Your answer must be the records below repeated word for word, with no pictures in it.

Supplied records —
####################
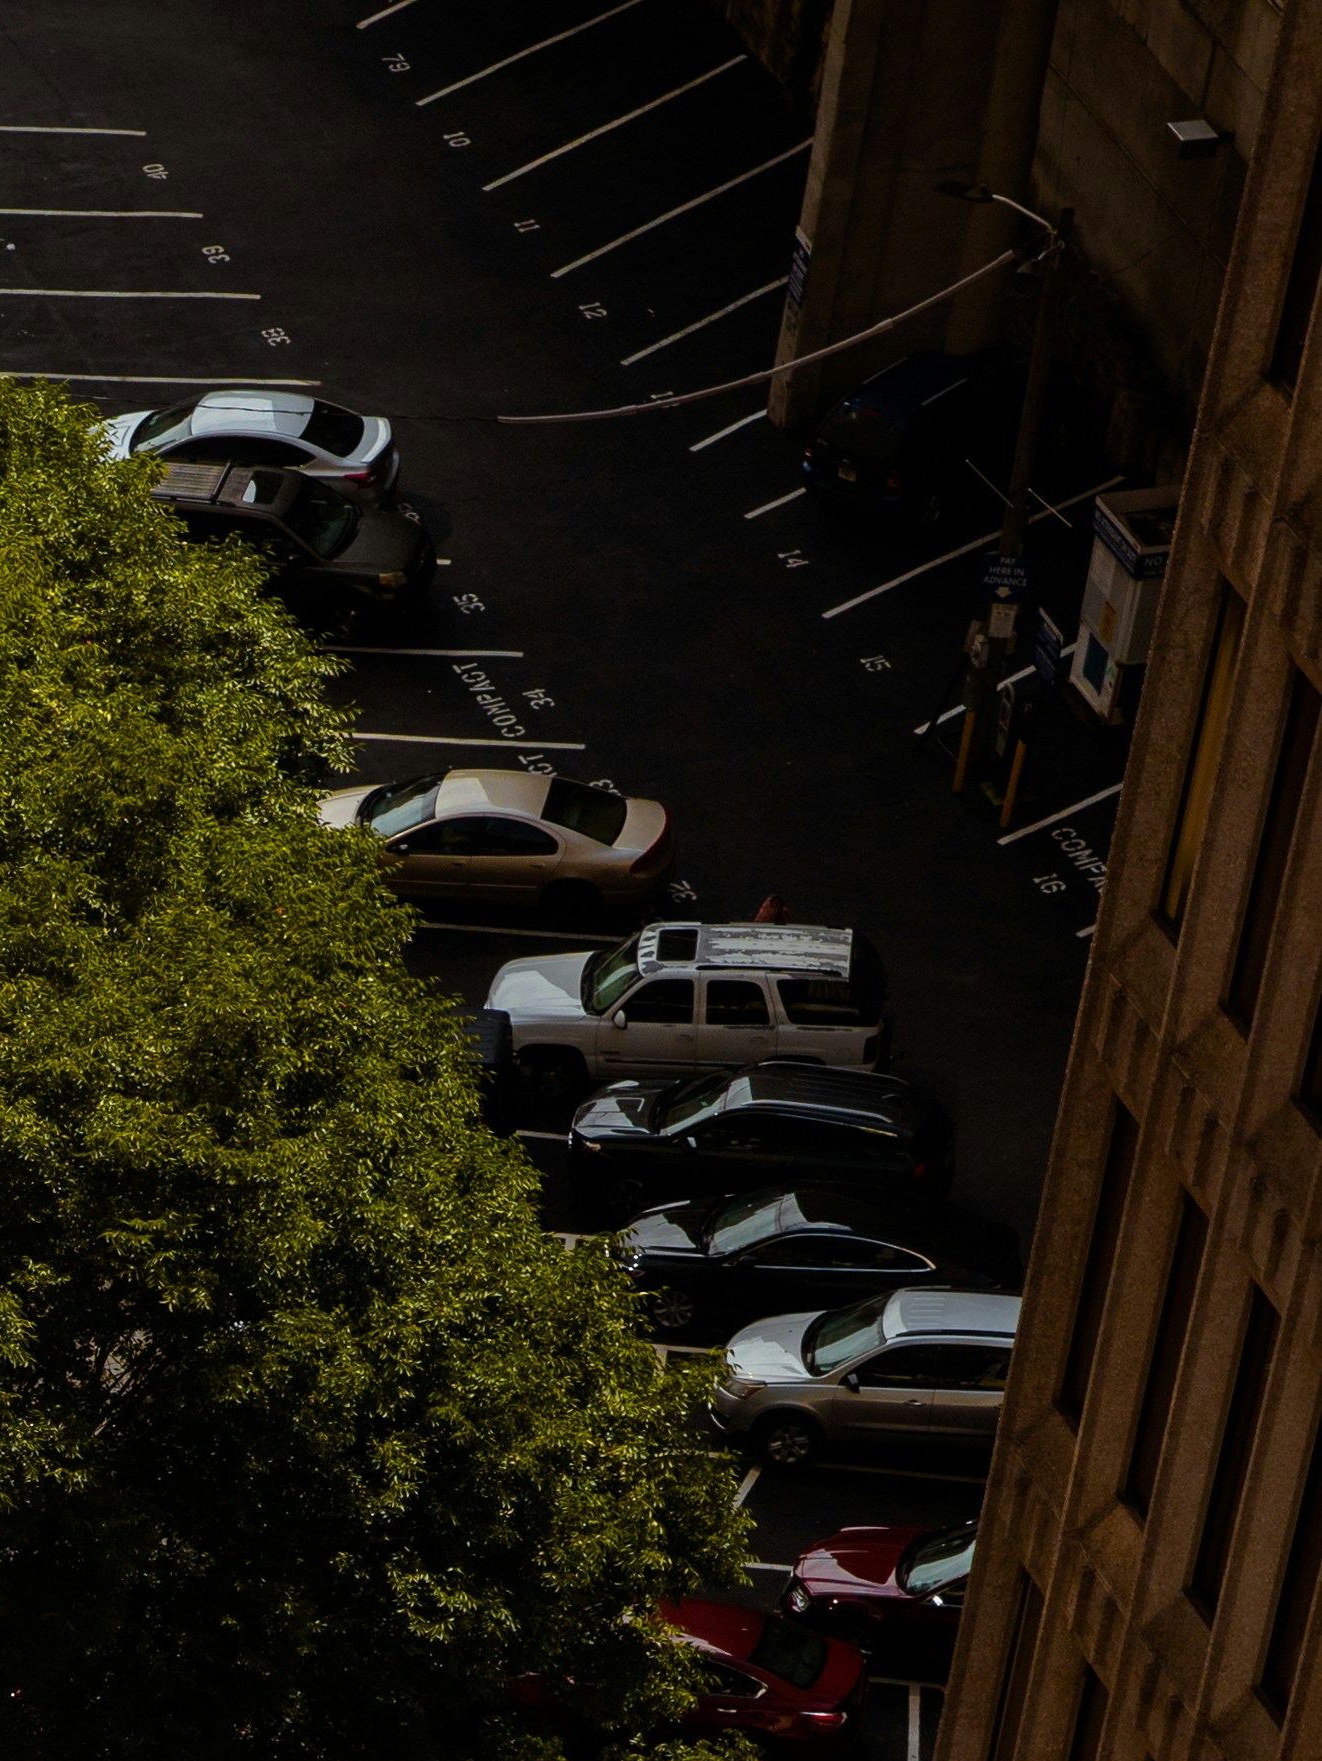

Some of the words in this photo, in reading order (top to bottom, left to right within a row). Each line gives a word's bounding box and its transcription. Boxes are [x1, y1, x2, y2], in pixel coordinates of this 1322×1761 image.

[381, 53, 411, 72] 79
[442, 131, 472, 147] 10
[142, 163, 169, 180] 40
[513, 219, 540, 233] 11
[201, 245, 231, 264] 39
[577, 302, 607, 319] 12
[777, 549, 809, 568] 14
[988, 566, 1013, 575] HERE
[1014, 567, 1025, 577] IN
[982, 576, 1028, 587] ADVANCE
[452, 593, 486, 614] 35
[860, 654, 891, 671] 15
[452, 662, 526, 738] COMPACT
[522, 688, 555, 710] 34
[1051, 828, 1108, 893] COMPA
[667, 880, 697, 903] 32
[1033, 873, 1067, 894] 16
####################
Written solution —
Some of the words in this photo, in reading order (top to bottom, left to right within a row). Each line gives a word's bounding box and its transcription. Boxes are [x1, y1, x2, y2], in pixel coordinates of this 1322×1761 image.

[381, 53, 411, 72] 79
[442, 131, 472, 147] 10
[142, 163, 169, 180] 40
[513, 219, 540, 233] 11
[201, 245, 231, 264] 39
[577, 302, 607, 319] 12
[777, 549, 809, 568] 14
[988, 566, 1013, 575] HERE
[1014, 567, 1025, 577] IN
[982, 576, 1028, 587] ADVANCE
[452, 593, 486, 614] 35
[860, 654, 891, 671] 15
[452, 662, 526, 738] COMPACT
[522, 688, 555, 710] 34
[1051, 828, 1108, 893] COMPA
[667, 880, 697, 903] 32
[1033, 873, 1067, 894] 16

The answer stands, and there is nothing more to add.